Department of Neuroscience, Department of Developmental and Regenerative Biology, Department of Neurosurgery, Icahn School of Medicine at Mount, Sinai, New York, New York, United States of America.
PLoS One. 2013 Aug 5;8(8):e72338. doi: 10.1371/journal.pone.0072338. Print 2013.
Somatic transposon mutagenesis in mice is an efficient strategy to investigate the genetic mechanisms of tumorigenesis. The identification of tumor driving transposon insertions traditionally requires the generation of large tumor cohorts to obtain information about common insertion sites. Tumor driving insertions are also characterized by their clonal expansion in tumor tissue, a phenomenon that is facilitated by the slow and evolving transformation process of transposon mutagenesis. We describe here an improved approach for the detection of tumor driving insertions that assesses the clonal expansion of insertions by quantifying the relative proportion of sequence reads obtained in individual tumors. To this end, we have developed a protocol for insertion site sequencing that utilizes acoustic shearing of tumor DNA and Illumina sequencing. We analyzed various solid tumors generated by PiggyBac mutagenesis and for each tumor >10⁶ reads corresponding to >10⁴ insertion sites were obtained. In each tumor, 9 to 25 insertions stood out by their enriched sequence read frequencies when compared to frequencies obtained from tail DNA controls. These enriched insertions are potential clonally expanded tumor driving insertions, and thus identify candidate cancer genes. The candidate cancer genes of our study comprised many established cancer genes, but also novel candidate genes such as Mastermind-like1 (Mamld1) and Diacylglycerolkinase delta (Dgkd). We show that clonal expansion analysis by high-throughput sequencing is a robust approach for the identification of candidate cancer genes in insertional mutagenesis screens on the level of individual tumors.

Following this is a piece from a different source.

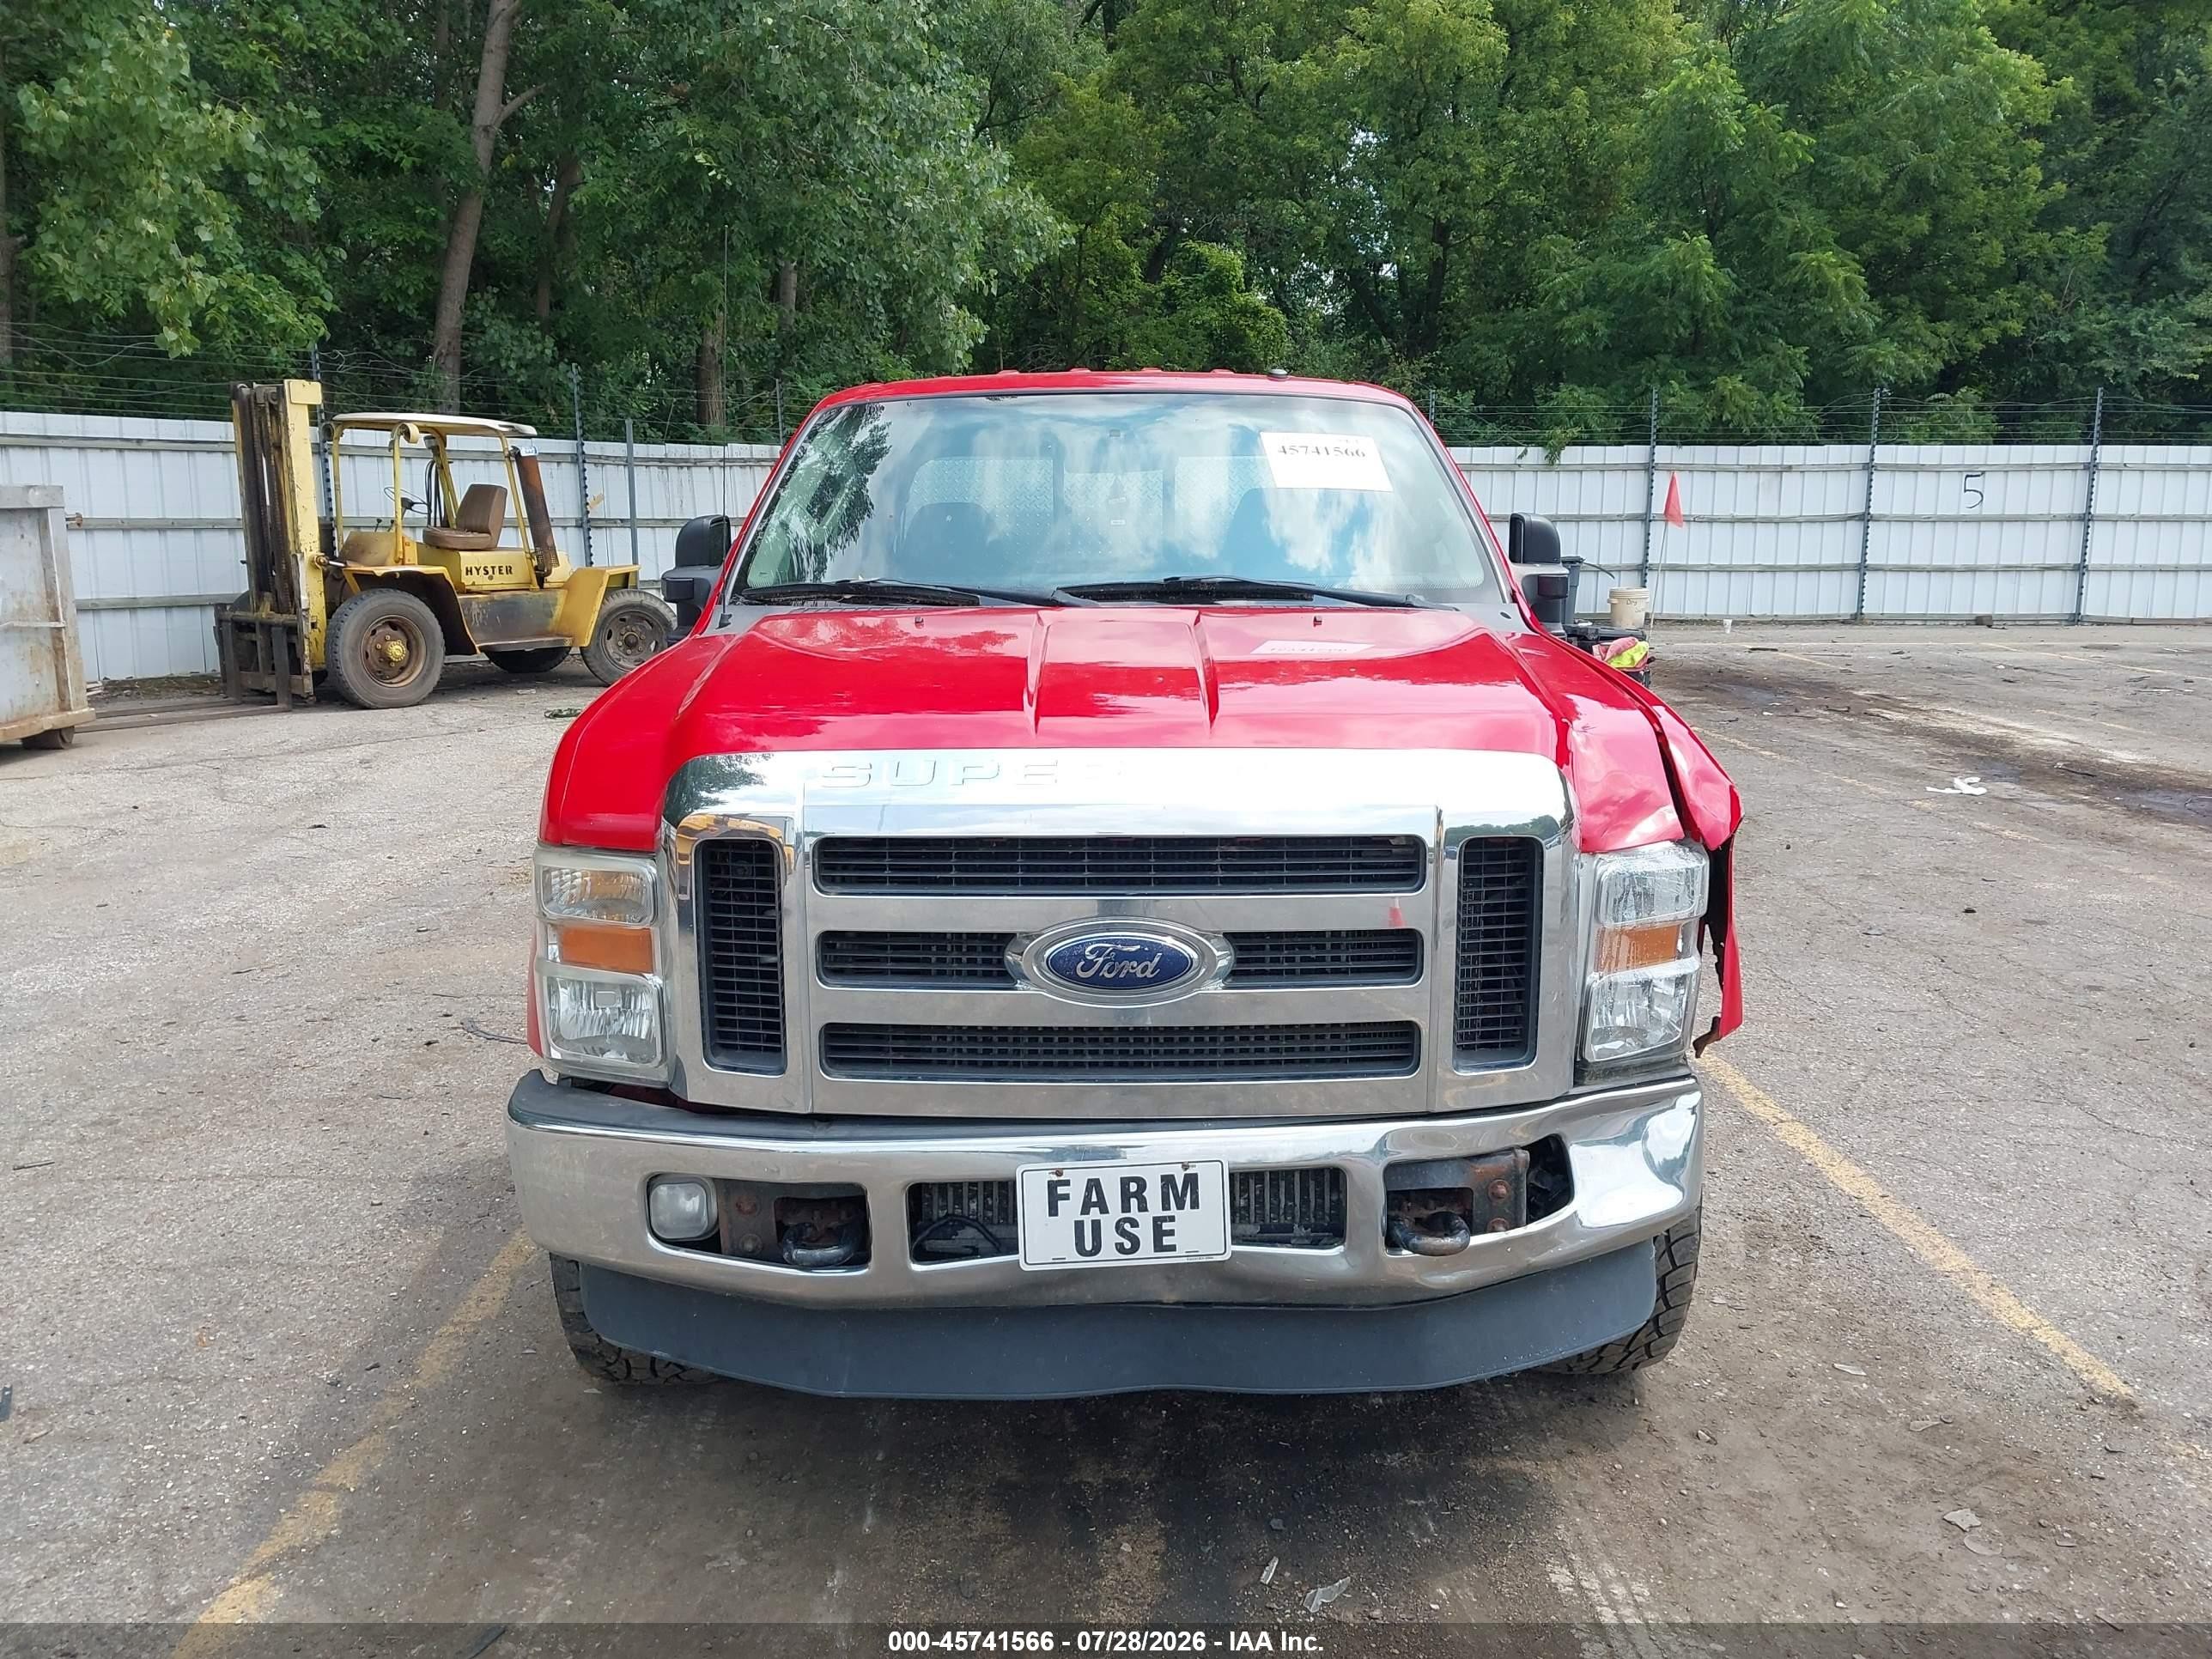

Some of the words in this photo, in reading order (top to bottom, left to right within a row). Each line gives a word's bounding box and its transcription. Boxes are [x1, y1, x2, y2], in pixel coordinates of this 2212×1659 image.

体细胞转座子诱变在小鼠中是一种研究肿瘤发生遗传机制的有效策略。传统上,鉴定肿瘤驱动转座子插入需要生成大量肿瘤队列,以获得有关常见插入位点的信息。肿瘤驱动插入还以其在肿瘤组织中的克隆扩增为特征,这种现象是由转座子诱变的缓慢和进化的转化过程促进的。我们在这里描述了一种改进的检测肿瘤驱动插入的方法,该方法通过定量个体肿瘤中获得的序列读取的相对比例来评估插入的克隆扩增。为此,我们开发了一种插入位点测序方案,该方案利用肿瘤 DNA 的声学剪切和 Illumina 测序。我们分析了由 PiggyBac 诱变产生的各种实体瘤,对于每个肿瘤,获得了超过 10⁶个对应于超过 10⁴个插入位点的读取。在每个肿瘤中,与来自尾巴 DNA 对照的频率相比,有 9 到 25 个插入的序列读取频率富集。这些富集的插入是潜在的克隆扩增的肿瘤驱动插入,因此鉴定候选癌症基因。我们研究的候选癌症基因包括许多已确立的癌症基因,但也包括新的候选基因,如 Mastermind-like1 (Mamld1)和二酰基甘油激酶 delta (Dgkd)。我们表明,通过高通量测序进行的克隆扩增分析是在个体肿瘤水平上进行插入诱变筛选中鉴定候选癌症基因的一种稳健方法。